"After three years he had had enough of my mother. He got restive. He

was ambitious. He wanted to shine in London, where he was known, and

where his family had made traditions in the theatrical world. But he

felt that my mother wouldn't--wouldn't be suitable for London. Fancy

the absurdity of a man trying to make a name in London when hampered

by a wife who was practically of the peasant class! He simply left

her. Oh, it was no common case of desertion. He used his influence

over my mother to make her consent. She did consent. It broke her

heart, but hers was the sort of love that suffers, so she let him go.

He arranged to allow her a reasonable income.

"I can just remember a man who must have been my father. I was three

years old when he left us. Till then we had lived in a large house in

an old city. Can't you guess what house that was? Of course you can.

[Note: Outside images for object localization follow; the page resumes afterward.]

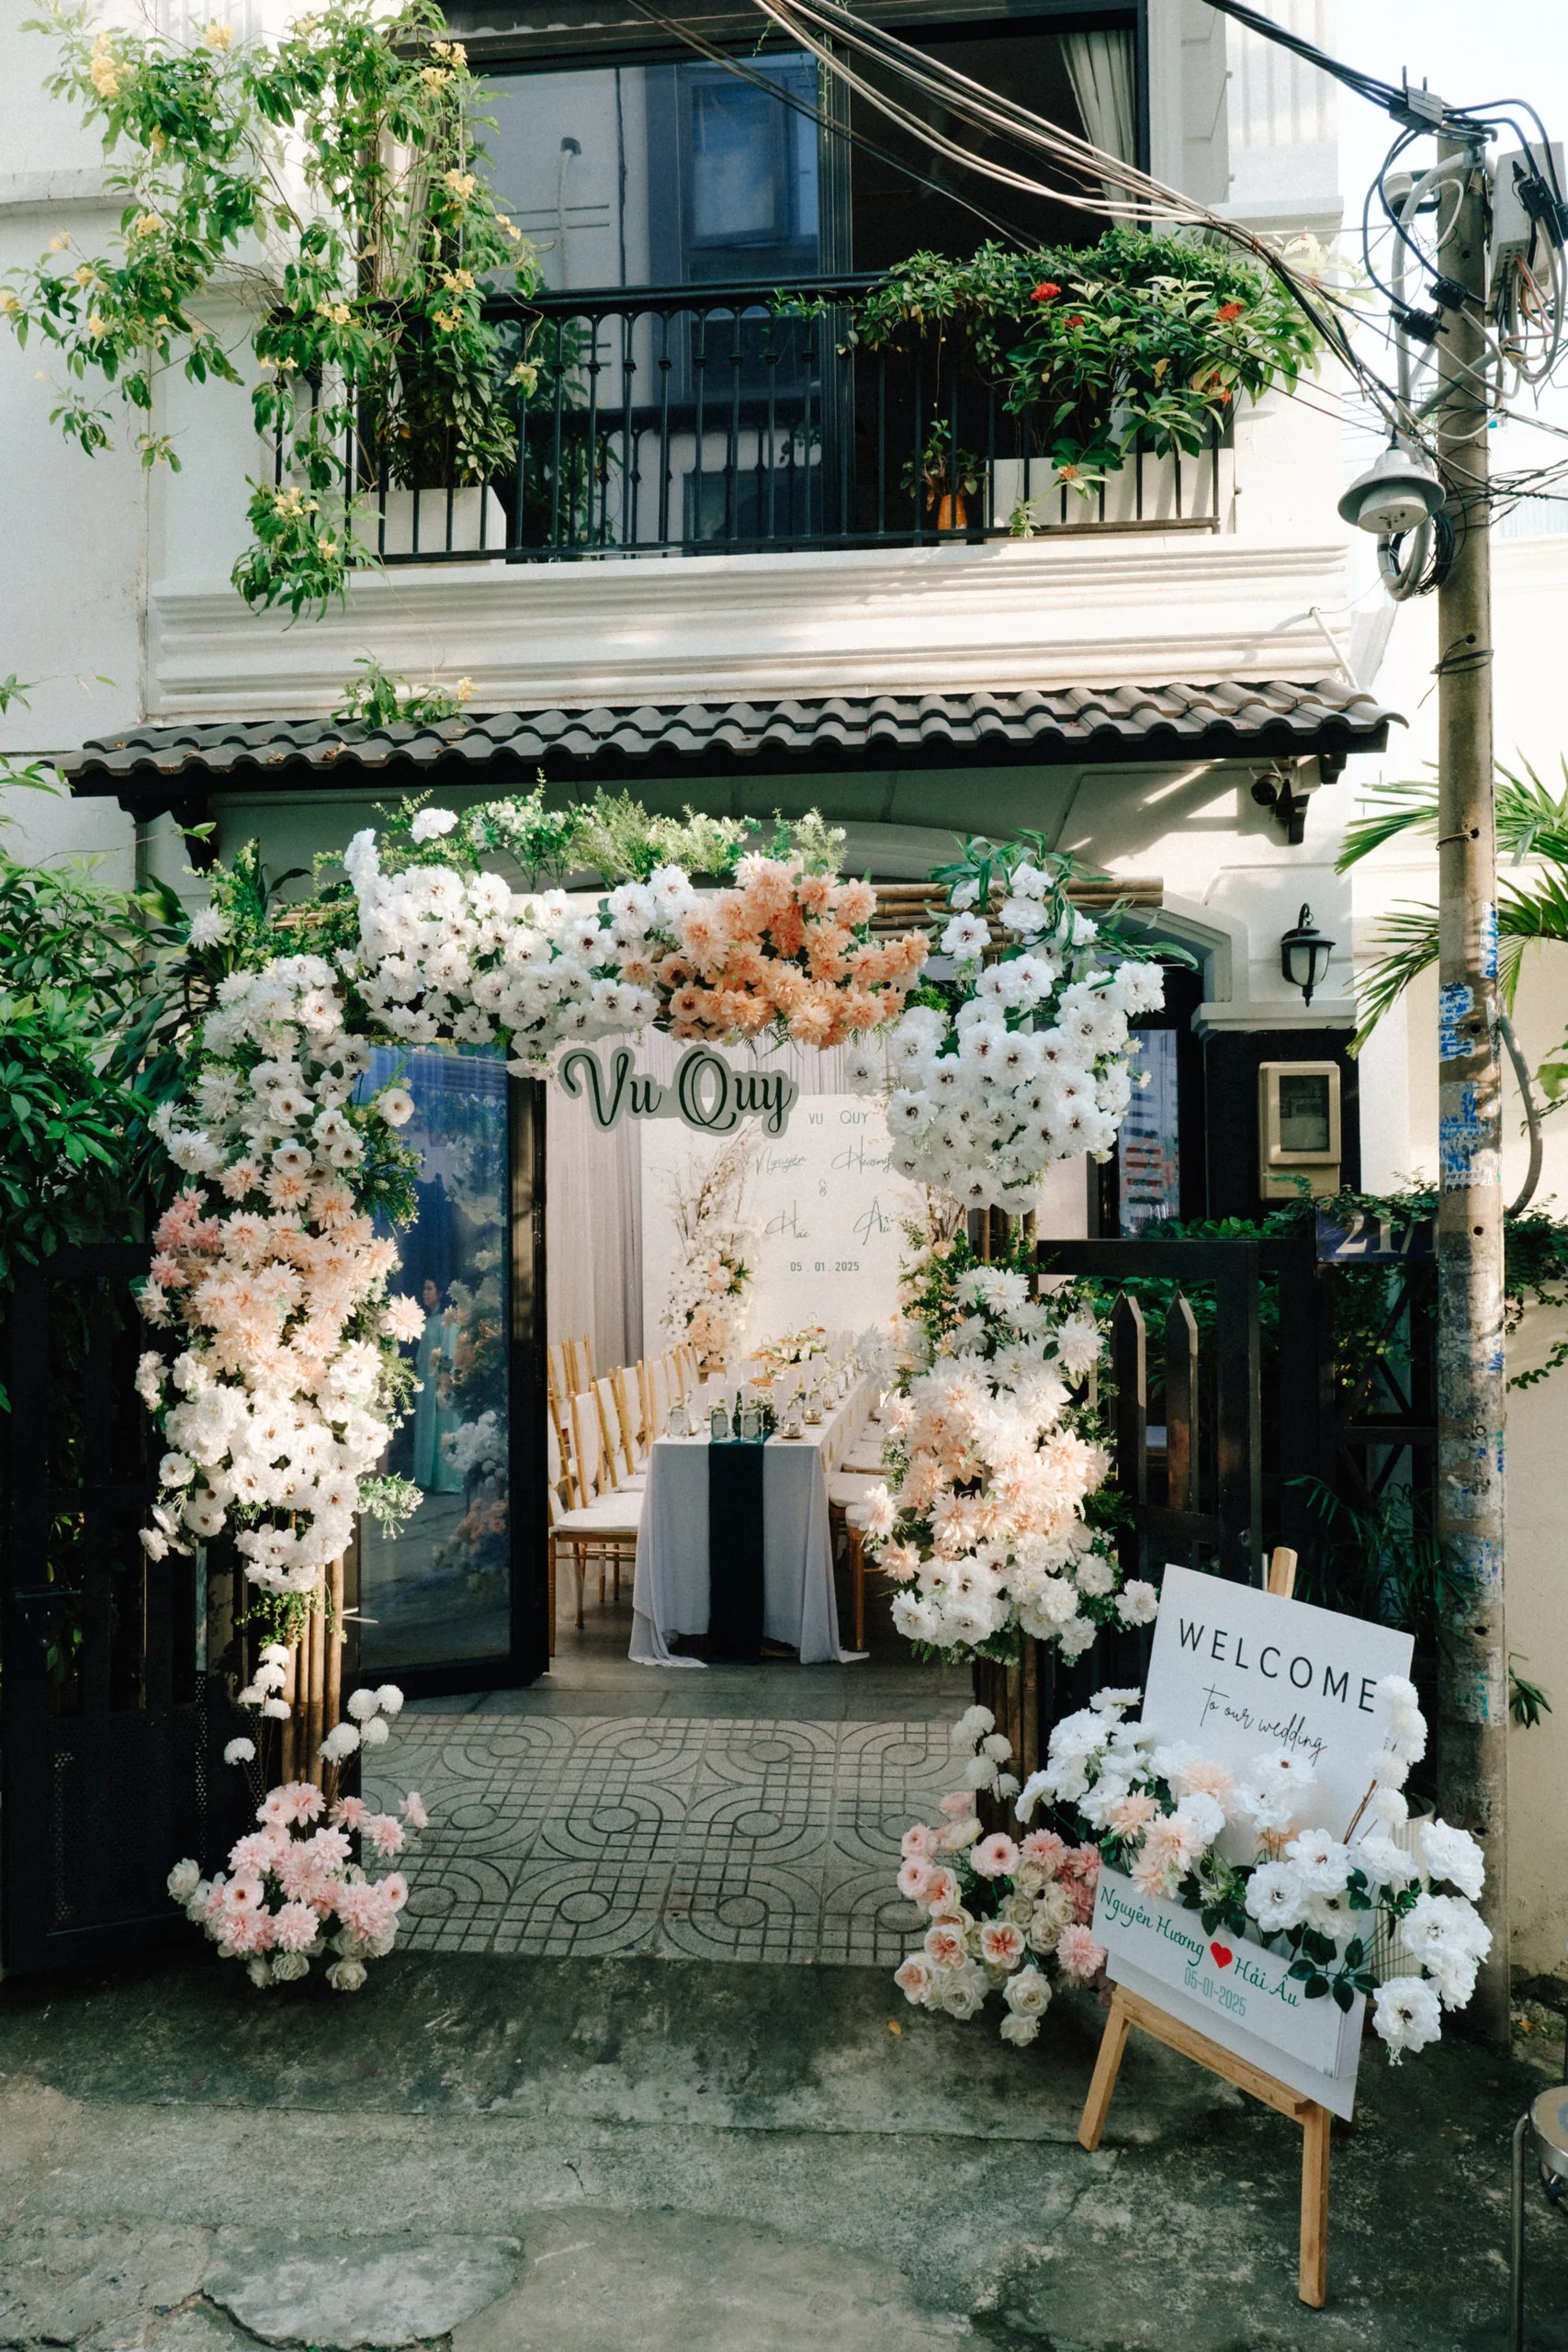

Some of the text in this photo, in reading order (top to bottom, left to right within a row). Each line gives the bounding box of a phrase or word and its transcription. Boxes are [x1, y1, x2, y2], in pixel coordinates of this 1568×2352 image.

[564, 1050, 793, 1134] Vu Quy
[808, 1110, 869, 1125] VU QUY
[1179, 1617, 1378, 1713] WELCOME
[1224, 1707, 1255, 1730] our
[1258, 1713, 1328, 1768] wedding
[1100, 1885, 1301, 2007] Nguyên Hương Hải Âu
[1184, 1966, 1247, 2018] 05-01-2025

Yes, it was the house at Bruges where Alresca died. We gave up that

house, my mother and I, and went to live in Italy. Then my father sold

the house to Alresca. I only knew that to-day. You may guess my

childish recollections of Bruges aren't very distinct. It was part of

the understanding that my mother should change her name, and at Pisa

she was known as Madame Montigny. That was the only surname of hers

that I ever knew.

"As I grew older, my mother told me fairy-tales to account for the

absence of my father. She died when I was sixteen, and before she died

she told me the truth. She begged me to promise to go to him, and said

that I should be happy with him. But I would not promise. I was

sixteen then, and very proud. What my mother had told me made me hate

and despise my father. I left my dead mother's side hating him; I had

a loathing for him which words couldn't express. She had omitted to

tell me his real name; I never asked her, and I was glad not to know

it. In speaking of him, of course she always said 'your father', 'your

father', and she died before she got quite to the end of her story. I

buried my mother, and then I was determined to disappear. My father

might search, but he should never find me. The thought that he would

search and search, and be unhappy for the rest of his life because he

couldn't find me, gave me a kind of joy. So I left Pisa, and I took

with me nothing but the few hundred lire which my mother had by her,

and the toy dagger--my father's gift--which she had always worn in her

hair.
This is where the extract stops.